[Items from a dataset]
↓↓↓

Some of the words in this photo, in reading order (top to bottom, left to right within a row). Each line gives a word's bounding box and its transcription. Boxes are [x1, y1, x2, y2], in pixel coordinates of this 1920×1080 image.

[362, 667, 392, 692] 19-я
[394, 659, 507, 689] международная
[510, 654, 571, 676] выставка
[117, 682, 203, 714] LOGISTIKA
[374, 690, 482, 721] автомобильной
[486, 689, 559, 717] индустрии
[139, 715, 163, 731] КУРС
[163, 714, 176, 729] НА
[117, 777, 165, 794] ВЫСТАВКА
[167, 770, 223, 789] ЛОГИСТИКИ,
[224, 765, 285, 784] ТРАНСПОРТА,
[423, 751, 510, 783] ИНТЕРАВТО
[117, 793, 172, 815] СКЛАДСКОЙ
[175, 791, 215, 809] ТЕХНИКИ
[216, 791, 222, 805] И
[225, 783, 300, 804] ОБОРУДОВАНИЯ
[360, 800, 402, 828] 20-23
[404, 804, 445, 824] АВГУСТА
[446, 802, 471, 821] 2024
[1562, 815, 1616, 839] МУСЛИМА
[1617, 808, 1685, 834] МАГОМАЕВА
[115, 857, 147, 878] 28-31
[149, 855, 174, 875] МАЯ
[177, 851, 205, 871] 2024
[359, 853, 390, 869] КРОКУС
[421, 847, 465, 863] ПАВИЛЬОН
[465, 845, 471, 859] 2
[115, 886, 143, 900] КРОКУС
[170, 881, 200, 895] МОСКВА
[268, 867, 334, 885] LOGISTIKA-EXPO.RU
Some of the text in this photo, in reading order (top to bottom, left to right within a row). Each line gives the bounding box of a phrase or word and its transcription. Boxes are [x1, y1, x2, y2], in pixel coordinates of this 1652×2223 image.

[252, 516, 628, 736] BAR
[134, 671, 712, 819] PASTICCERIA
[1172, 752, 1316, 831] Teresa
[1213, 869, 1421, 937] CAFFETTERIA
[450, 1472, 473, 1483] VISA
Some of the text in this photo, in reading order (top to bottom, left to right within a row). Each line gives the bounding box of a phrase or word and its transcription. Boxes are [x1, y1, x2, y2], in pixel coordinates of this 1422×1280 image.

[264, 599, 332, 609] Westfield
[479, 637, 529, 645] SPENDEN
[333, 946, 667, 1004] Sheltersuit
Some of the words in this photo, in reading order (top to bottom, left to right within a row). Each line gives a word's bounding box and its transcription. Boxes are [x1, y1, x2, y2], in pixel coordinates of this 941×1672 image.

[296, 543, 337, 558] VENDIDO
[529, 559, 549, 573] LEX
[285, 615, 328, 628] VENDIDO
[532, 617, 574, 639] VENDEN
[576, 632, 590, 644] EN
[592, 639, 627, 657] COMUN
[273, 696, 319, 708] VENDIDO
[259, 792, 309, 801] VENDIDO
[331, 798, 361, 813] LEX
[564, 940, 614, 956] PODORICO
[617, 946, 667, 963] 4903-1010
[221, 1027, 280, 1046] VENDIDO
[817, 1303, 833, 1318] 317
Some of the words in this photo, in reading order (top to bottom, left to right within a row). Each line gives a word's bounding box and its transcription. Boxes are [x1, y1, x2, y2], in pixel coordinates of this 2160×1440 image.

↑↑↑

### What to do
From the line that holds "this 1652×2223 image." to the last line of the records above, print each line exactly. Add nothing else.

### Written solution
Some of the text in this photo, in reading order (top to bottom, left to right within a row). Each line gives the bounding box of a phrase or word and its transcription. Boxes are [x1, y1, x2, y2], in pixel coordinates of this 1652×2223 image.

[252, 516, 628, 736] BAR
[134, 671, 712, 819] PASTICCERIA
[1172, 752, 1316, 831] Teresa
[1213, 869, 1421, 937] CAFFETTERIA
[450, 1472, 473, 1483] VISA
Some of the text in this photo, in reading order (top to bottom, left to right within a row). Each line gives the bounding box of a phrase or word and its transcription. Boxes are [x1, y1, x2, y2], in pixel coordinates of this 1422×1280 image.

[264, 599, 332, 609] Westfield
[479, 637, 529, 645] SPENDEN
[333, 946, 667, 1004] Sheltersuit
Some of the words in this photo, in reading order (top to bottom, left to right within a row). Each line gives a word's bounding box and its transcription. Boxes are [x1, y1, x2, y2], in pixel coordinates of this 941×1672 image.

[296, 543, 337, 558] VENDIDO
[529, 559, 549, 573] LEX
[285, 615, 328, 628] VENDIDO
[532, 617, 574, 639] VENDEN
[576, 632, 590, 644] EN
[592, 639, 627, 657] COMUN
[273, 696, 319, 708] VENDIDO
[259, 792, 309, 801] VENDIDO
[331, 798, 361, 813] LEX
[564, 940, 614, 956] PODORICO
[617, 946, 667, 963] 4903-1010
[221, 1027, 280, 1046] VENDIDO
[817, 1303, 833, 1318] 317
Some of the words in this photo, in reading order (top to bottom, left to right within a row). Each line gives a word's bounding box and its transcription. Boxes are [x1, y1, x2, y2], in pixel coordinates of this 2160×1440 image.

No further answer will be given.